● Work to be completed
If a record below holds a picture, leave the picture out and copy the rest exactly.

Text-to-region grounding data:
---*---
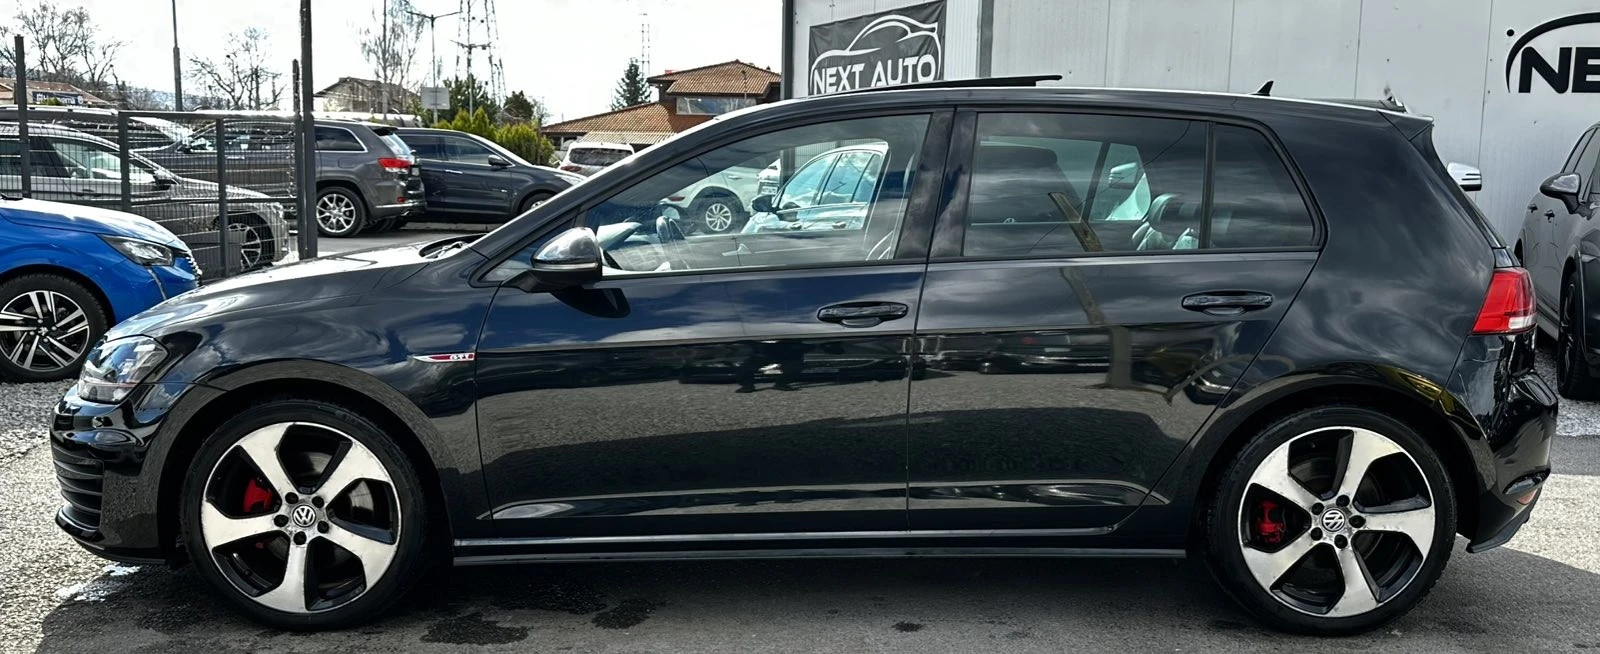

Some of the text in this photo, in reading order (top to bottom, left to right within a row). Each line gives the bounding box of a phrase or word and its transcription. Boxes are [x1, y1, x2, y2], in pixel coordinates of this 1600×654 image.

[813, 54, 936, 95] NEXT AUTO
[294, 505, 315, 526] VW
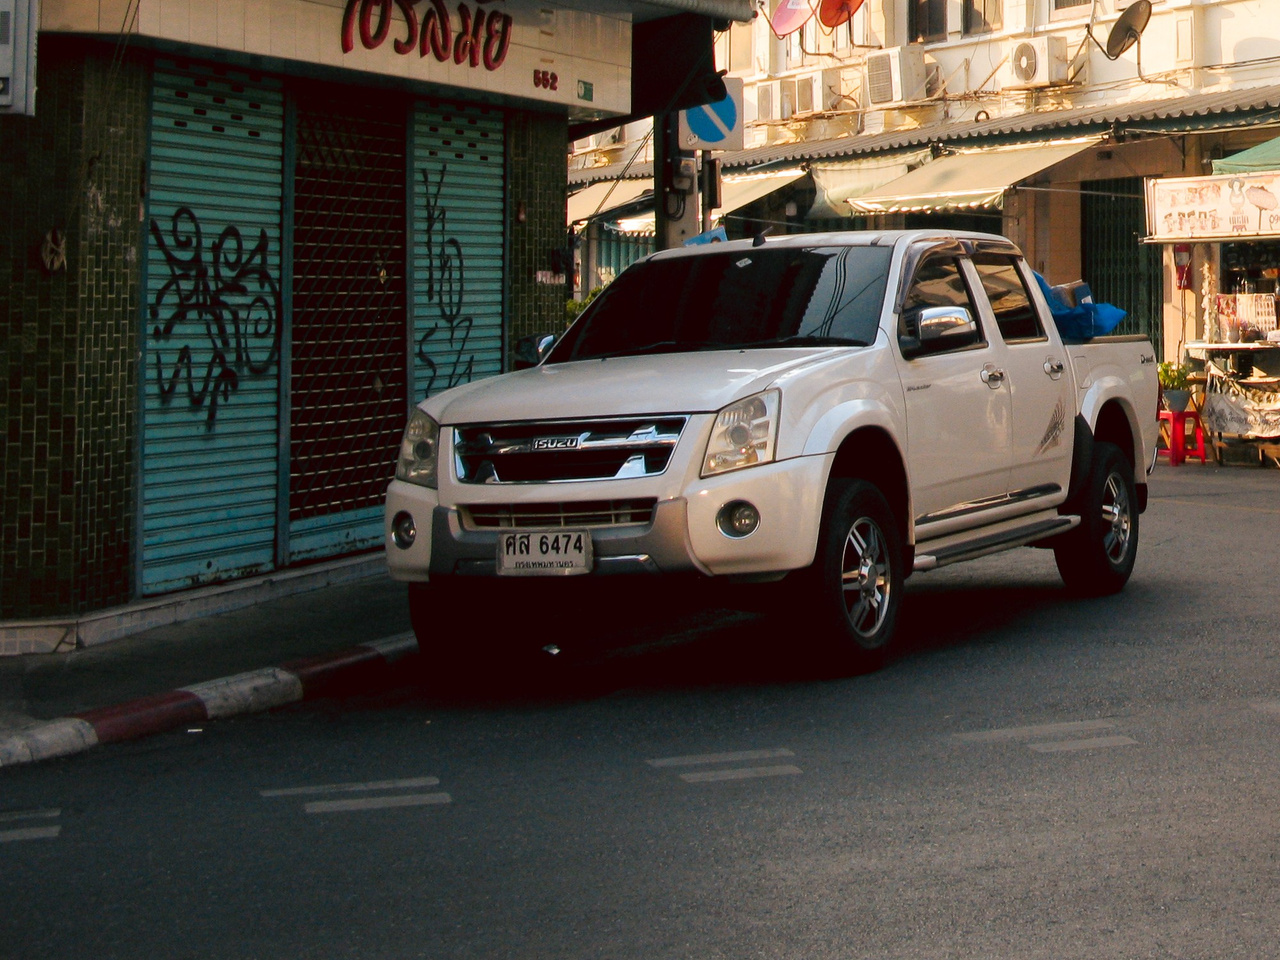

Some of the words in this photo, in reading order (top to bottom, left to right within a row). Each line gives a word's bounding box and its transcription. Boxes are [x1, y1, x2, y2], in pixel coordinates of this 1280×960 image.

[533, 69, 558, 91] 552
[534, 439, 577, 449] ISUZU
[506, 534, 530, 555] ศส
[540, 534, 583, 554] 6474
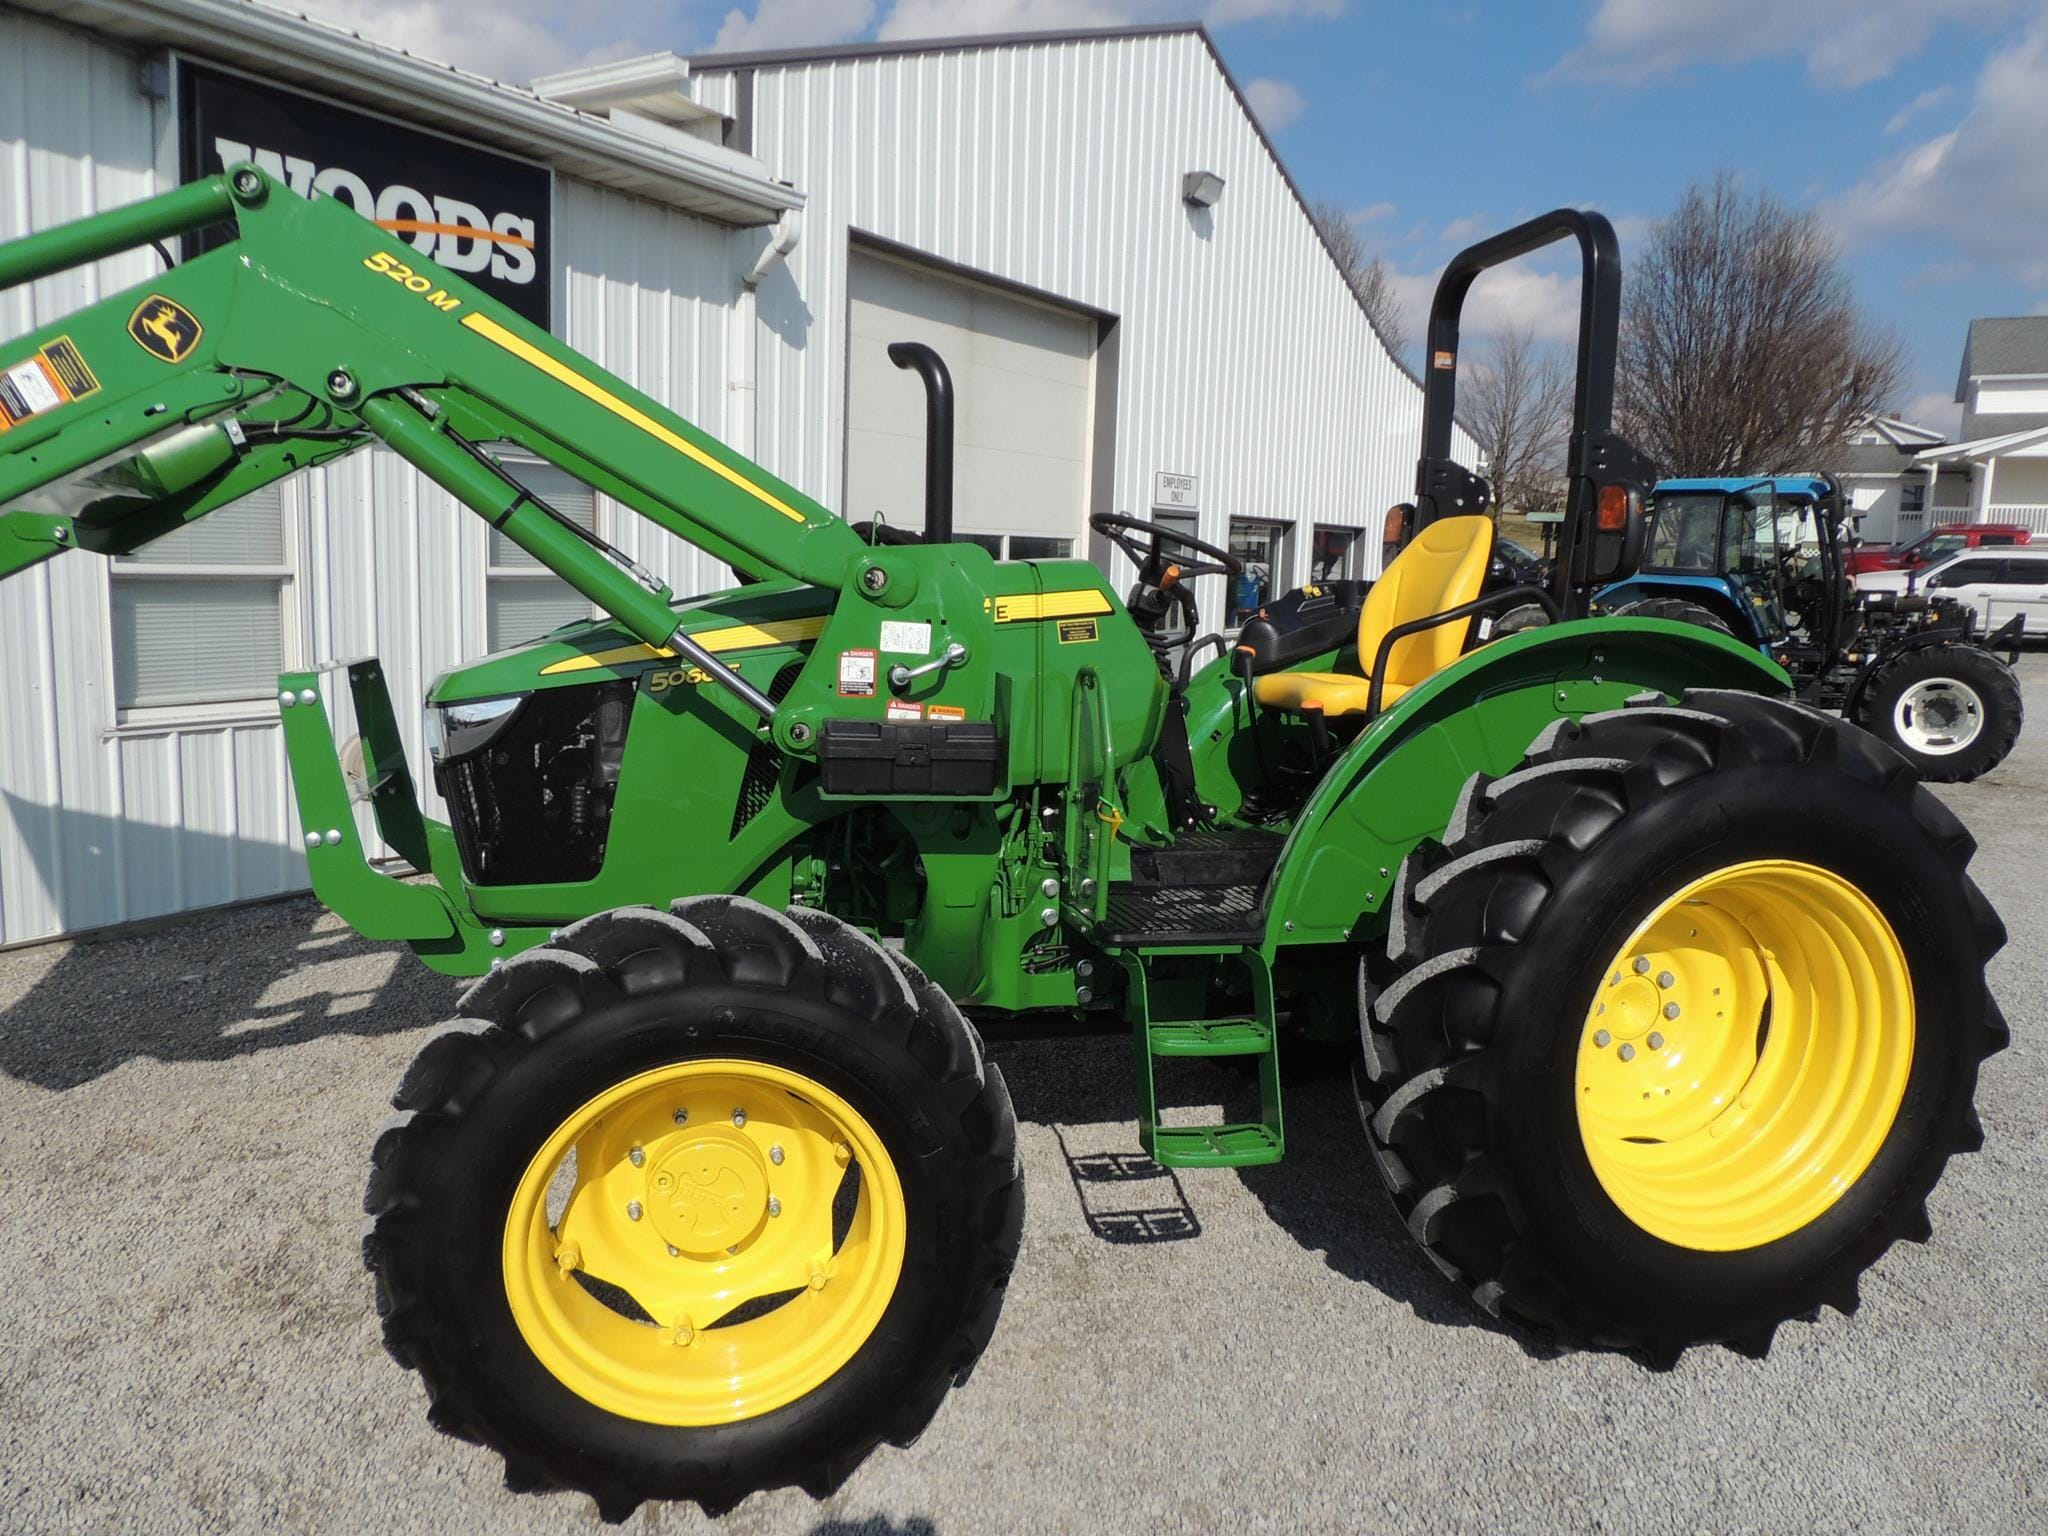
---*---
● Response to the exercise
Some of the text in this photo, in reading order (top to bottom, left to right within a row). Each line gives the bounding box of a phrase or word and its transcription. Boxes are [x1, y1, x2, y2], in pixel coordinates of this 1600×654 image.

[813, 54, 936, 95] NEXT AUTO
[294, 505, 315, 526] VW

Some of the words in this photo, in reading order (top to bottom, left to right within a row). Each line gives a word's bounding box and its transcription. Boxes are [x1, y1, x2, y2], in pixel coordinates of this 1280×960 image.

[533, 69, 558, 91] 552
[534, 439, 577, 449] ISUZU
[506, 534, 530, 555] ศส
[540, 534, 583, 554] 6474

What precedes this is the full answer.